Rien n’a de sens. Rien n’a plus de sens depuis l’agression d’Eduardo. Tout semble irréel. Le monde d’Adriana semble avoir été mis sur pause, mais les gens qui gravitent autour d’elle semblent le faire en vitesse accélérée. Ça ne fait que quelques heures qu’Eduardo est mort, et pourtant, Adriana a déjà l’impression d’avoir dû expliquer cinquante fois ce qui s’est passé. Aux ambulanciers, à la police, à ses parents, à son frère, aux médecins … La version d’Adriana varie à chaque fois, ou plutôt, elle n’est jamais complète. Elle ne dit pas tout à la police, ni à ses parents. Elle ment aux premiers pour ne pas créer de souci à sa famille. De toute façon, elle sait que les agresseurs de son frère ne seront jamais retrouvés. Elle omet de tout dire à ses parents pour les protéger et ne pas les faire souffrir davantage. Pour toutes ces personnes, l’attaque d’Eduardo restera un hasard, comme si Adriana et lui avaient croisé les mauvaises personnes, au mauvais moment.
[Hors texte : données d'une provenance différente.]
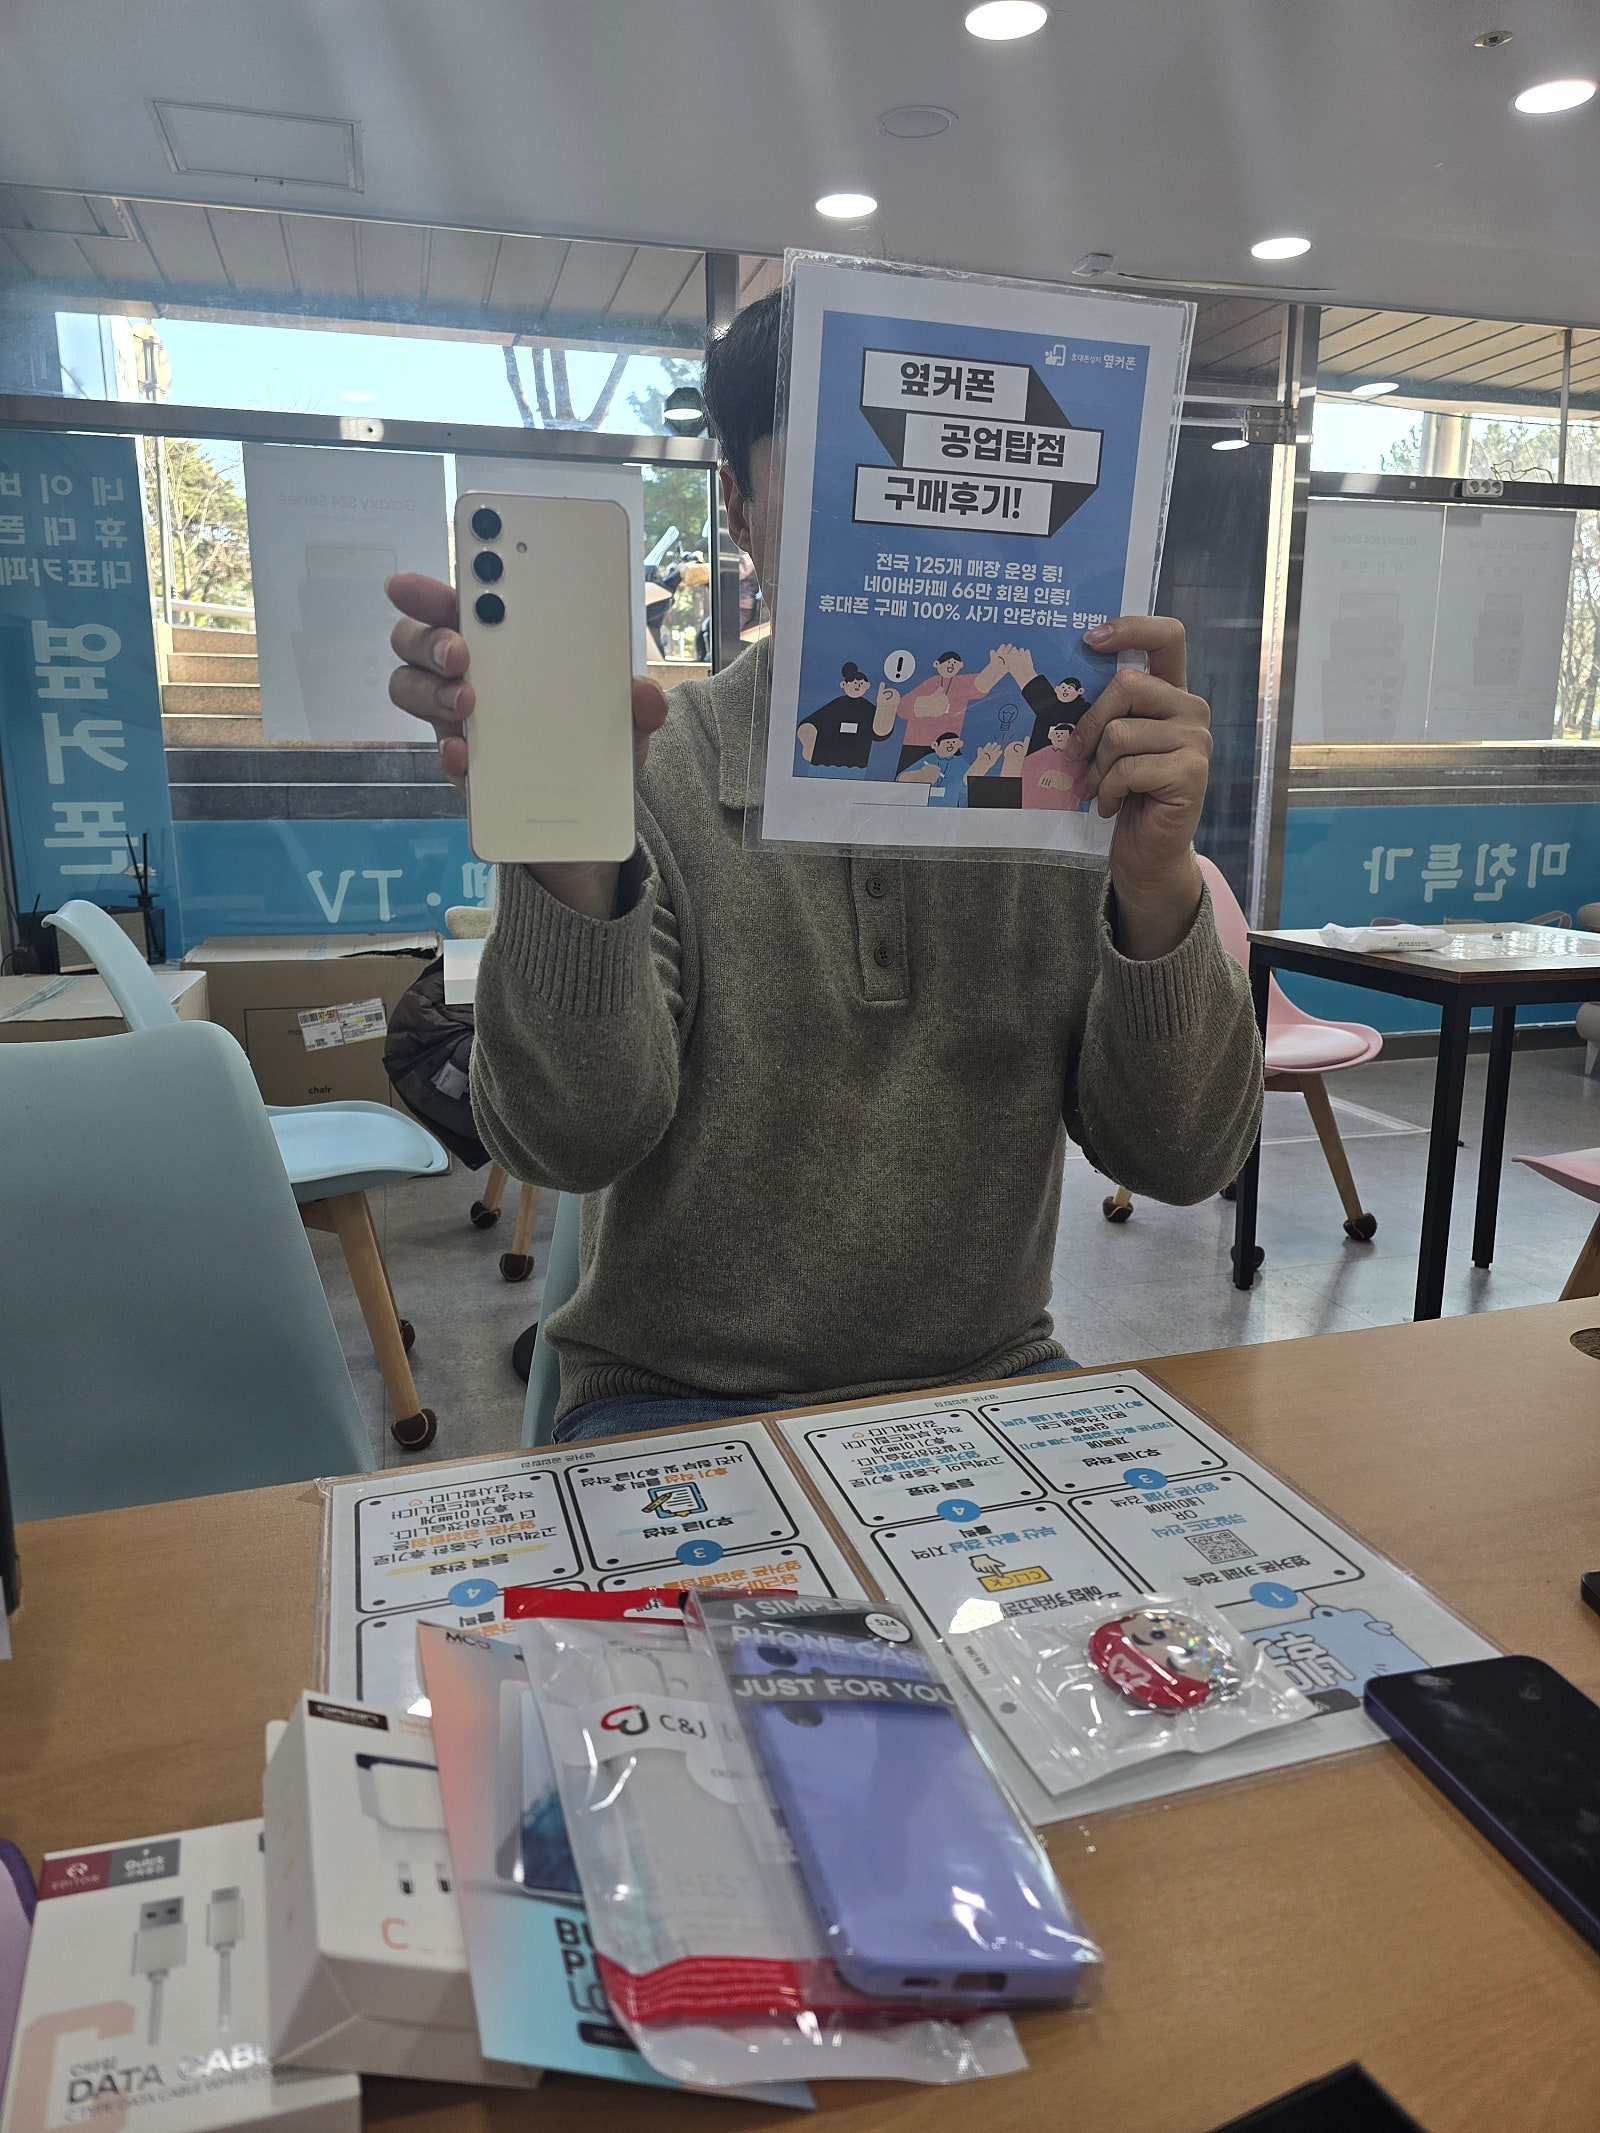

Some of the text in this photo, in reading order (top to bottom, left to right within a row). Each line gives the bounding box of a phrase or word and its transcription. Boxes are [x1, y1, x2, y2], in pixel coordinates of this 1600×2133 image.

Tout semble irréel, le monde a été mis sur pause pour la famille Suarez, mais cet équilibre précaire est perturbé par l’arrivée d’Augustus, le petit-ami d’Adriana. Il la suit dans les toilettes où elle tente désespérément de faire partir le sang sur ses mains, frottant toujours plus fort, en vain. Gus veut comprendre, il la questionne. Il la serre dans ses bras pour tenter de la calmer, mais ne fait qu’aggraver l’état dans lequel la brunette se trouve. Finalement, elle consent à tenter d’expliquer la situation, mais les mots restent coincés dans sa gorge. La perplexité se lit sur le visage de Gus, qui ne semble pas tout saisir.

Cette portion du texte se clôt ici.